= Exercise aim =
Only the lines from the one that contains "this 1280×1280 image." through the end of the entries, both included, should be transcribed, exactly and without pictures.

= Information shown =
= = = = =

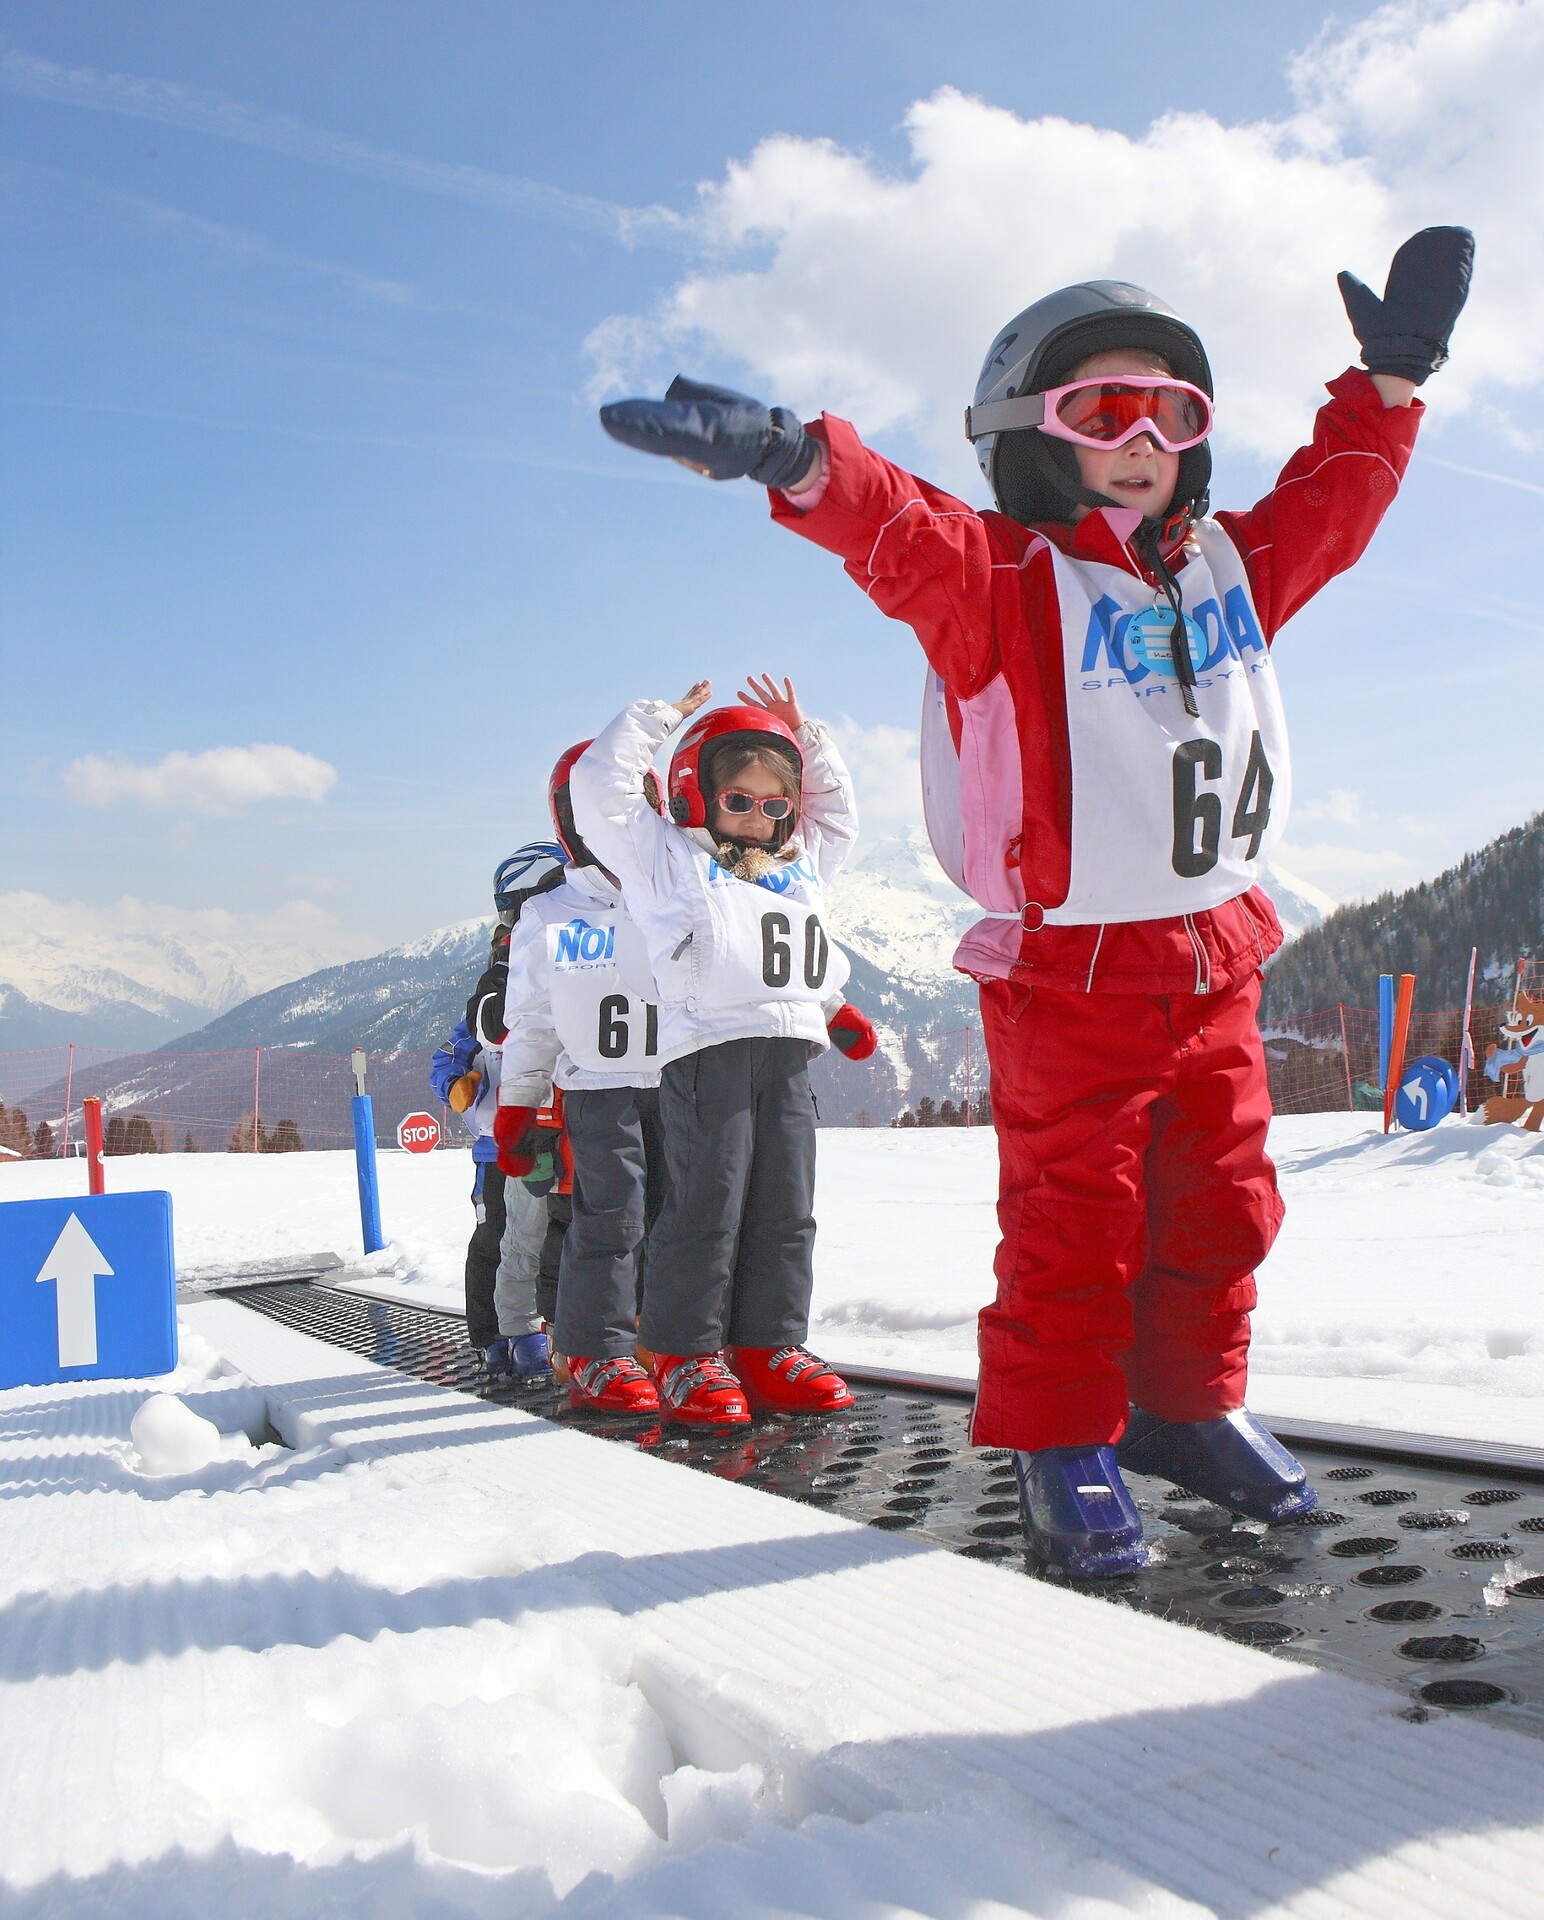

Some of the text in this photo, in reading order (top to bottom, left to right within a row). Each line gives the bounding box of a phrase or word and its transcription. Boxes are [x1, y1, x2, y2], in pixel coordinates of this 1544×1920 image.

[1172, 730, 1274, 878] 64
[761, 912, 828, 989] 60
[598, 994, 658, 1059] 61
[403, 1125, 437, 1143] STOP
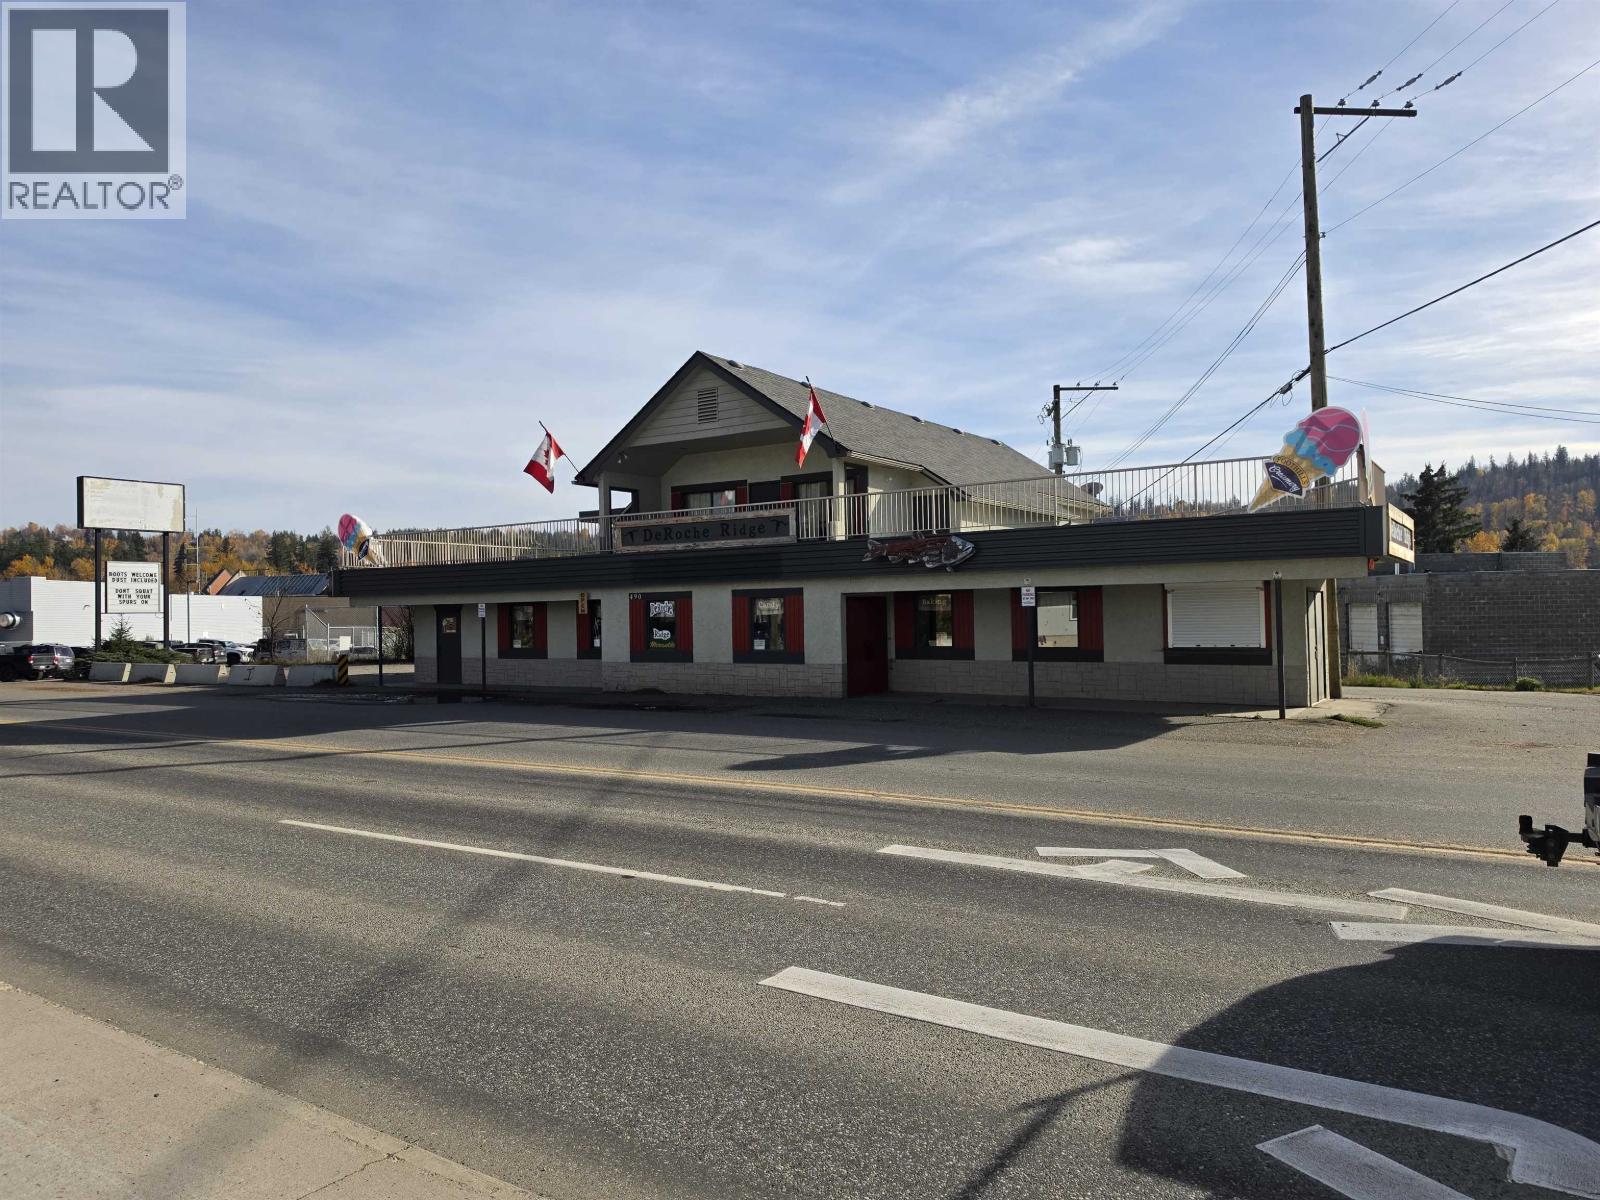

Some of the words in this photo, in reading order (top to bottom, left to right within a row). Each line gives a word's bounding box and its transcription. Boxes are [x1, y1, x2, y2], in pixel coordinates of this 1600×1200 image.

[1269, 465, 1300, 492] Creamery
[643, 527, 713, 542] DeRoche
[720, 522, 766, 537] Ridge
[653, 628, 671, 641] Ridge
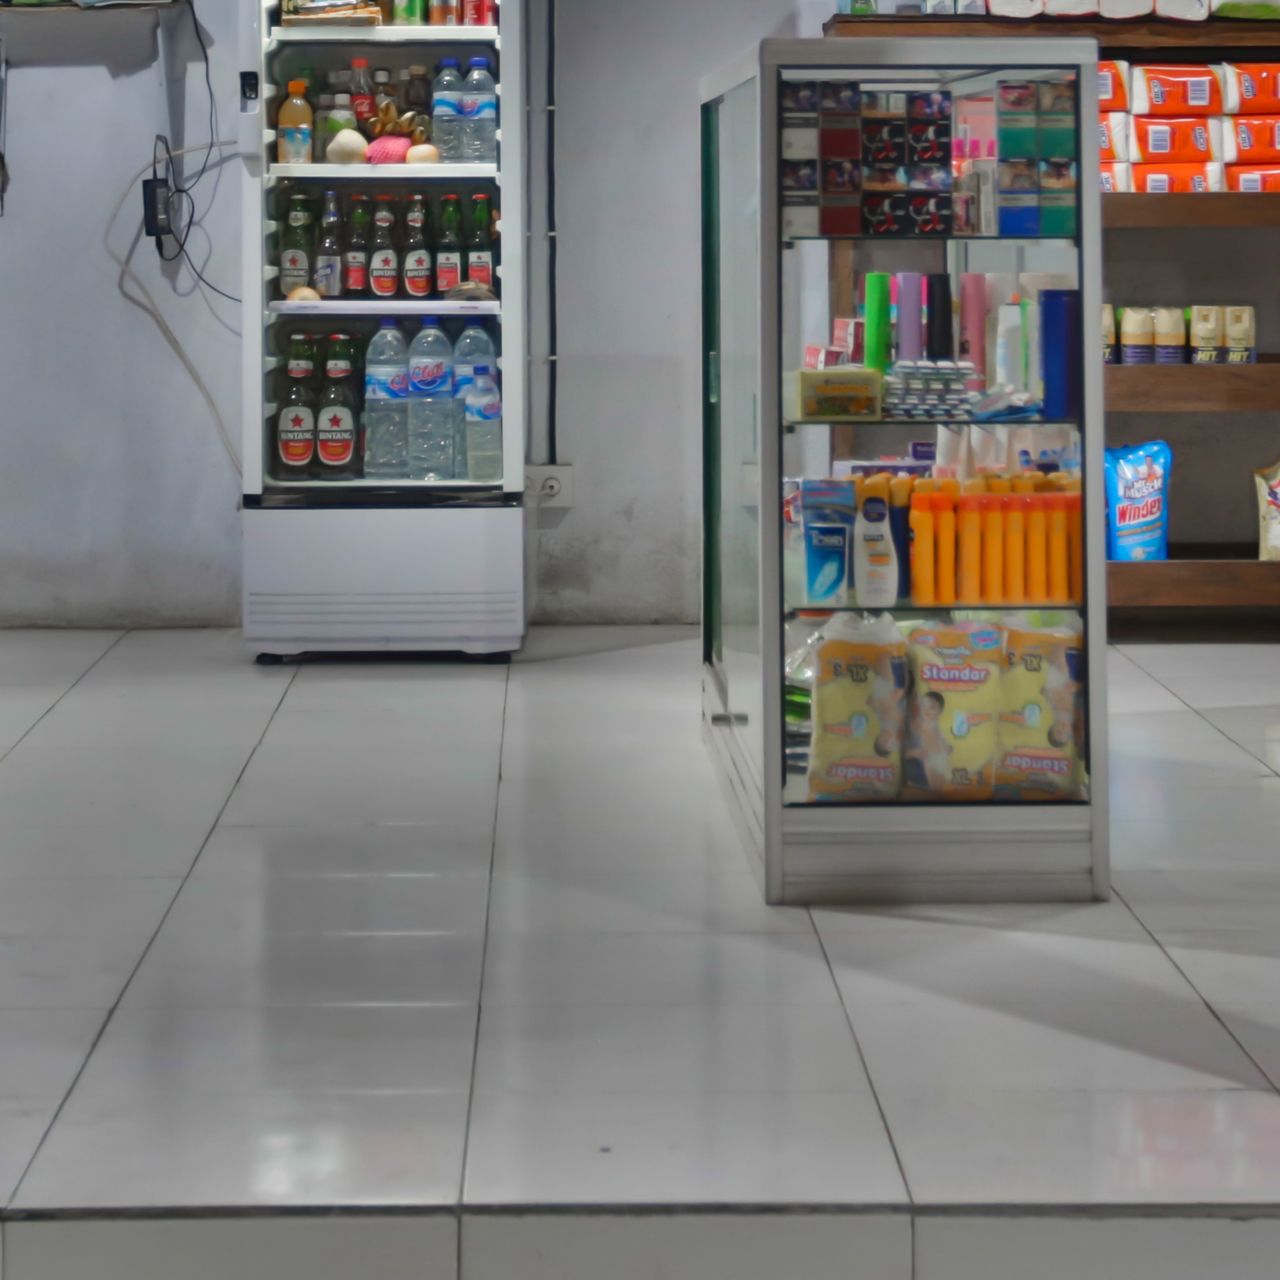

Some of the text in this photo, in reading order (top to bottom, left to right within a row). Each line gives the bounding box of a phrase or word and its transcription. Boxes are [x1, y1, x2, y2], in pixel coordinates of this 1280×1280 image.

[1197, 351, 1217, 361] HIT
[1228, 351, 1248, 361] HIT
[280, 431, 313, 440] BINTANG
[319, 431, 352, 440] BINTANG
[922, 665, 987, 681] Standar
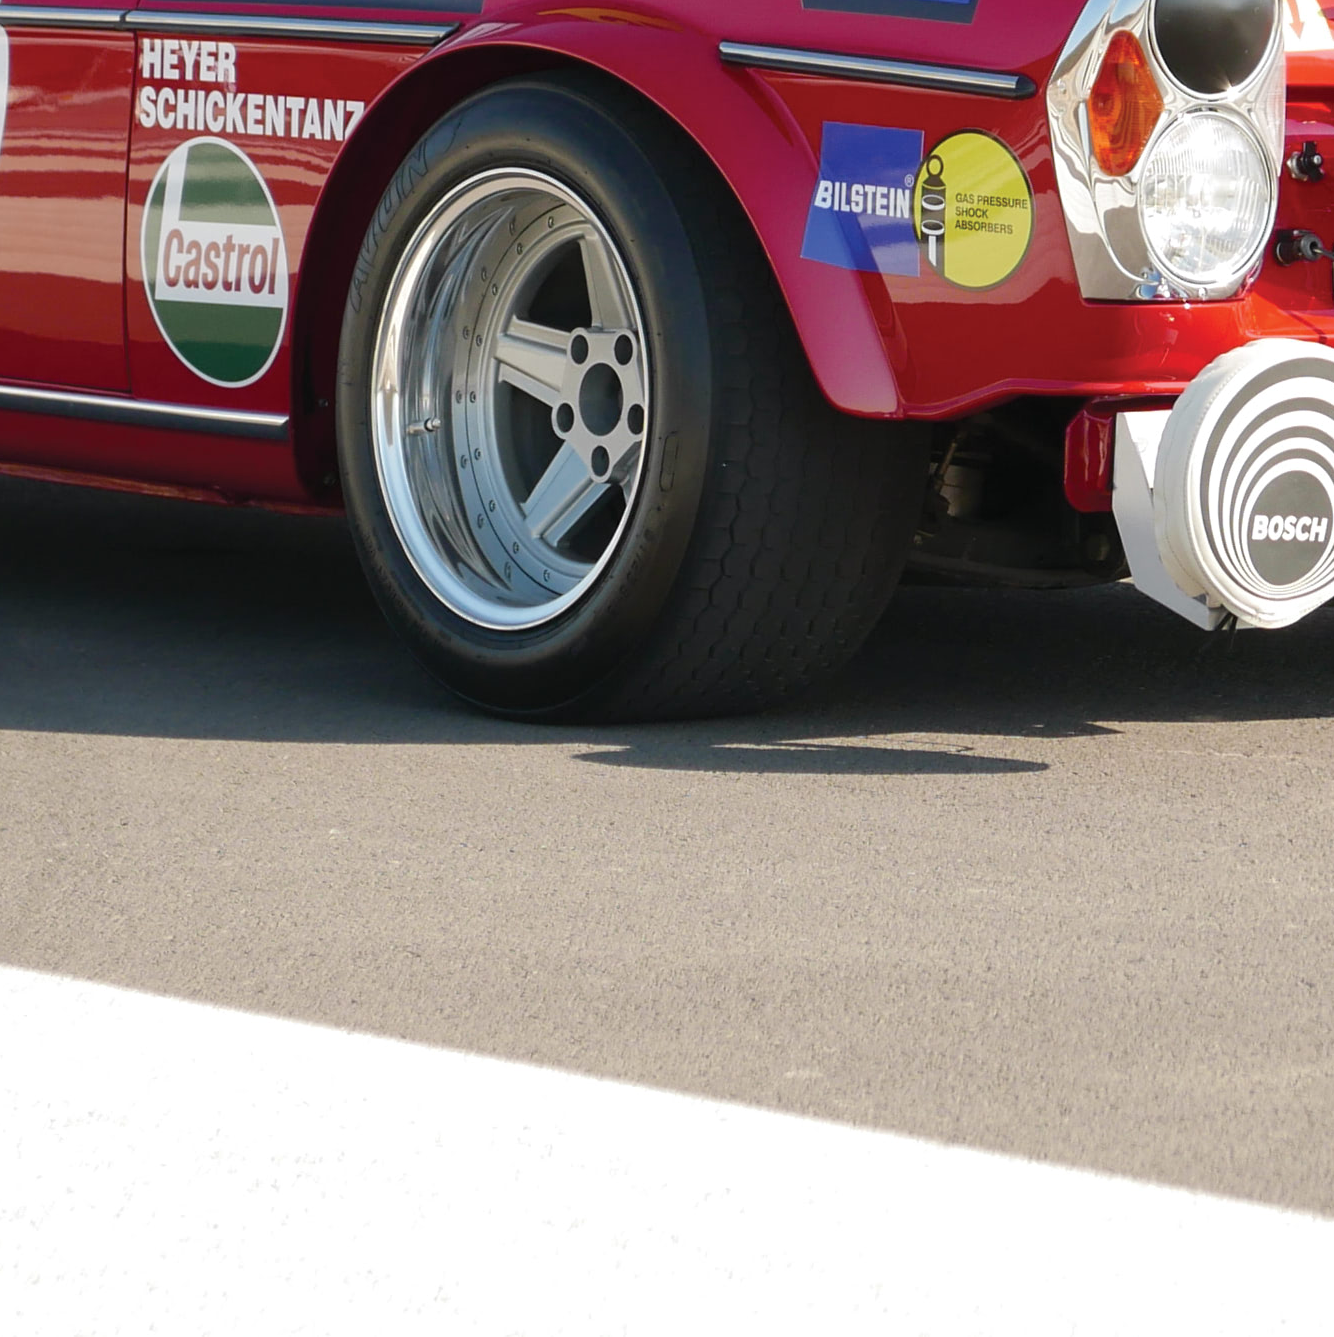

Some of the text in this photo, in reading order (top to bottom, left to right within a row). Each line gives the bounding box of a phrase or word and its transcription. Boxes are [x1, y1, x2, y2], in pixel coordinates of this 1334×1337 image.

= = = = =

= Answer to the problem =
Some of the text in this photo, in reading order (top to bottom, left to right within a row). Each line gives the bounding box of a phrase or word and its transcription. Boxes are [x1, y1, x2, y2], in pixel coordinates of this 1280×1280 image.

[1197, 351, 1217, 361] HIT
[1228, 351, 1248, 361] HIT
[280, 431, 313, 440] BINTANG
[319, 431, 352, 440] BINTANG
[922, 665, 987, 681] Standar

Some of the text in this photo, in reading order (top to bottom, left to right within a row). Each line gives the bounding box of a phrase or word and its transcription. Boxes are [x1, y1, x2, y2], in pixel coordinates of this 1334×1337 image.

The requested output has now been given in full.